The CNN model and SLIC algorithm are used in this paper for UAV images. I believe that the paper can be accepted for publication, once that some minor revisions are received:

(1) the methods for this paper, such as CNN and SLIC, should be add some details for describing the application in detection of citrus and other crop trees. For example, the features of UAV data, and how to choose or obtain the model’s parameters.

Response: We have not found other meaningful papers that use CNN for tree identification besides those mentioned in the literature review, and none using the SLIC algorithm for tree mapping. However, the point is a good one, and in response we have added considerable detail to the Methods section of the paper to help answer this. The text now reads (starting Line 159):

“Finding the best architecture for the CNN is an ongoing debate in the world of deep learning. It usually starts from a simple model and the hyper-parameters are tuned iteratively until a good model is found for a specific application. Our study area was first divided into a training area in the north and a validation area in the south. An initial CNN was trained with three classes - trees, bare soil, and weeds - with 4,000 samples per class. The samples were derived based on the dataset of manually identified individual trees (trees in the north used for training and trees in the south used for validation) and randomly generated samples in areas without trees, which were classified as bare soil or weeds. To increase the number of training samples and the robustness of CNN, we derived a 3x3 pixel buffer area around our training point samples. In this way, every tree is now represented by 9 pixels around the center of the tree and the algorithm will randomly choose locations out of these 9 pixels. Training samples were patches of 40x40 pixels because this size best matched the size of the targeted trees. Trial-and-error approaches with sample sizes smaller or bigger than 40x40 pixels we tried; values smaller than this increased the multiple-crown detection errors while values bigger than 40x40 missed some of the small trees. A size of 40x40 was also in line with most of the tree sizes in our study areas (Figure 3).  
All 4 spectral bands from the UAV dataset were used in the training step, namely green, red, near infrared and red edge. Examples of the training samples are shown in Figure 3. We chose a simple CNN model that uses one hidden layer that convolve the input layers using different kernels and generating different feature maps. For this hidden layer, a kernel size of 4x11x11 (4 bands and 11x11 pixels) was used for convolution and 40 distinct feature maps were generated. Max pooling was applied to reduce the resolution of the feature maps using a 2x2 filter with a stride of 2, both in horizontal and vertical directions.
During the training of the CNN, the learning rate was set to 0.0015 after trial-and-error tests. This parameter dictates the amount by which weights are adjusted during the statistical gradient descent optimization. Lower values of the learning rate can slow down the process of training or finding suboptimal weights by finding local minima, while higher values will improve speed but increase the risk of missing the optimal minimum. We used 5,000 training steps with 50 training samples used at each training step.”

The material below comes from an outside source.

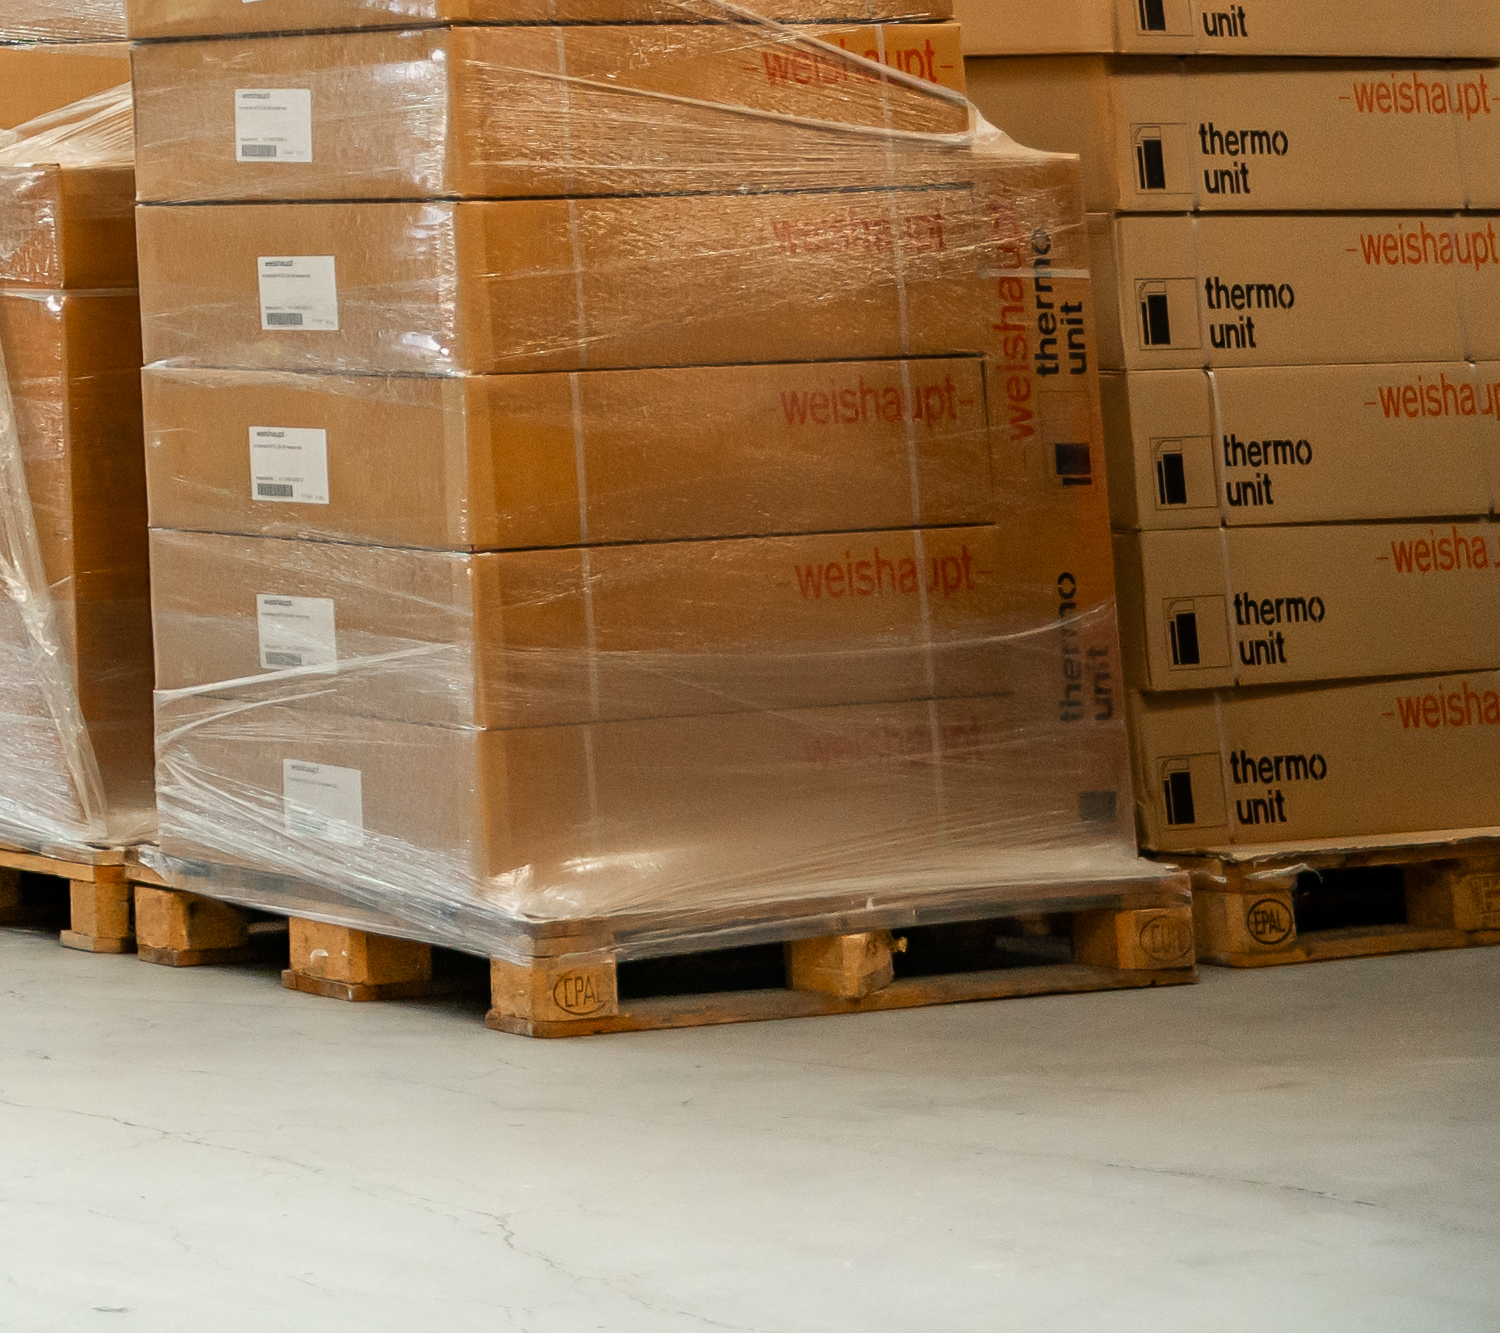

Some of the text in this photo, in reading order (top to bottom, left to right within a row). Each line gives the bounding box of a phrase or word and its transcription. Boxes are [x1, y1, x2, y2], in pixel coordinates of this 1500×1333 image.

(2) The authors should give more research areas to validate the performance of presented methods and more quantitative analysis for applied results.

Response:  This is a good comment and very similar to one from Reviewer 3 and Reviewer 4. In addition to adding more detail on the methods (see response above), we have clarified our intention for this case study as follows:

Line 97: “Our intent was not to test this methods’ performance in all conditions or with numerous targets: this is a case study using imagery collected in ideal conditions, as is common practice with agricultural managers, to examine the performance of a novel algorithm, to provide the impetus for further exploration.”

Line 127: “The imagery was collected as a proof-of-concept, as an alternative to NAIP as a high resolution image source for subsequent management and research planning.”

Line 323: “Individual case studies are critical in a new and growing field, however, integration of multiple missions over larger study areas and with different targets can provide elements for larger projects focused on: generalizable results across conditions and targets [76]; camera, platform and protocol benchmarking (e.g. as has been done for airborne LiDAR [77]), data fusion and scaling [78], and multi-temporal analysis.”

Reviewer 3 Report

1, They are many instance-aware segmentation CNN can segment and differentiate trees end-to-end. But none of these methods are reviewed. Also some paper already implemented instance-aware segmentation in UAV images for trees.  Even just for counting trees, the most popular method Faster RCNN is not in the review either. In addition, these libraries are now released in either Tensorflow or Pytorch. So it is very straightforward to play, run and compare. 

2, For the applied method, it would be better to see how the performance is becoming better by tuning parameters or adding refinement in terms of confusion metrics, rather than just showing the image.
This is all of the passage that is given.